When you respond, restate each record exactly as it is given.

Dataset excerpts:
((

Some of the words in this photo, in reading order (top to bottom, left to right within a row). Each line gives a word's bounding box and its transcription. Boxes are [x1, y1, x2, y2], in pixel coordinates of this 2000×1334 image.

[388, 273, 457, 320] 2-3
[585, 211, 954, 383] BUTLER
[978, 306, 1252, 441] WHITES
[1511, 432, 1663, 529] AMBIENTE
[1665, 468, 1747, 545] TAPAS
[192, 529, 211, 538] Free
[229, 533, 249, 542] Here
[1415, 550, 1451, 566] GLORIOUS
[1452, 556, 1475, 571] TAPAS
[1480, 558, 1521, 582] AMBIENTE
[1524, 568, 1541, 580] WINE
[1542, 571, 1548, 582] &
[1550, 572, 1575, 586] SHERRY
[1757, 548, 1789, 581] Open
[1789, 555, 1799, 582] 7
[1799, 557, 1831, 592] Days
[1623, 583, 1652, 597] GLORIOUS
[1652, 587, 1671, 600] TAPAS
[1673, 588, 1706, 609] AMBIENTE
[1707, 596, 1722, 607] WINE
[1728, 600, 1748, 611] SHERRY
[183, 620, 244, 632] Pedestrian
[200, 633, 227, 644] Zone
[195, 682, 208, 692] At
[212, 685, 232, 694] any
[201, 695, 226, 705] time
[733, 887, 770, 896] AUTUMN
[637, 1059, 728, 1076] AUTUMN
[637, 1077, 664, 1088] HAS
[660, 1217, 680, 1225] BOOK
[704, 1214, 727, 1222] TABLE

))

▸ **RESULT FOR THIS TASK**
Some of the words in this photo, in reading order (top to bottom, left to right within a row). Each line gives a word's bounding box and its transcription. Boxes are [x1, y1, x2, y2], in pixel coordinates of this 2000×1334 image.

[388, 273, 457, 320] 2-3
[585, 211, 954, 383] BUTLER
[978, 306, 1252, 441] WHITES
[1511, 432, 1663, 529] AMBIENTE
[1665, 468, 1747, 545] TAPAS
[192, 529, 211, 538] Free
[229, 533, 249, 542] Here
[1415, 550, 1451, 566] GLORIOUS
[1452, 556, 1475, 571] TAPAS
[1480, 558, 1521, 582] AMBIENTE
[1524, 568, 1541, 580] WINE
[1542, 571, 1548, 582] &
[1550, 572, 1575, 586] SHERRY
[1757, 548, 1789, 581] Open
[1789, 555, 1799, 582] 7
[1799, 557, 1831, 592] Days
[1623, 583, 1652, 597] GLORIOUS
[1652, 587, 1671, 600] TAPAS
[1673, 588, 1706, 609] AMBIENTE
[1707, 596, 1722, 607] WINE
[1728, 600, 1748, 611] SHERRY
[183, 620, 244, 632] Pedestrian
[200, 633, 227, 644] Zone
[195, 682, 208, 692] At
[212, 685, 232, 694] any
[201, 695, 226, 705] time
[733, 887, 770, 896] AUTUMN
[637, 1059, 728, 1076] AUTUMN
[637, 1077, 664, 1088] HAS
[660, 1217, 680, 1225] BOOK
[704, 1214, 727, 1222] TABLE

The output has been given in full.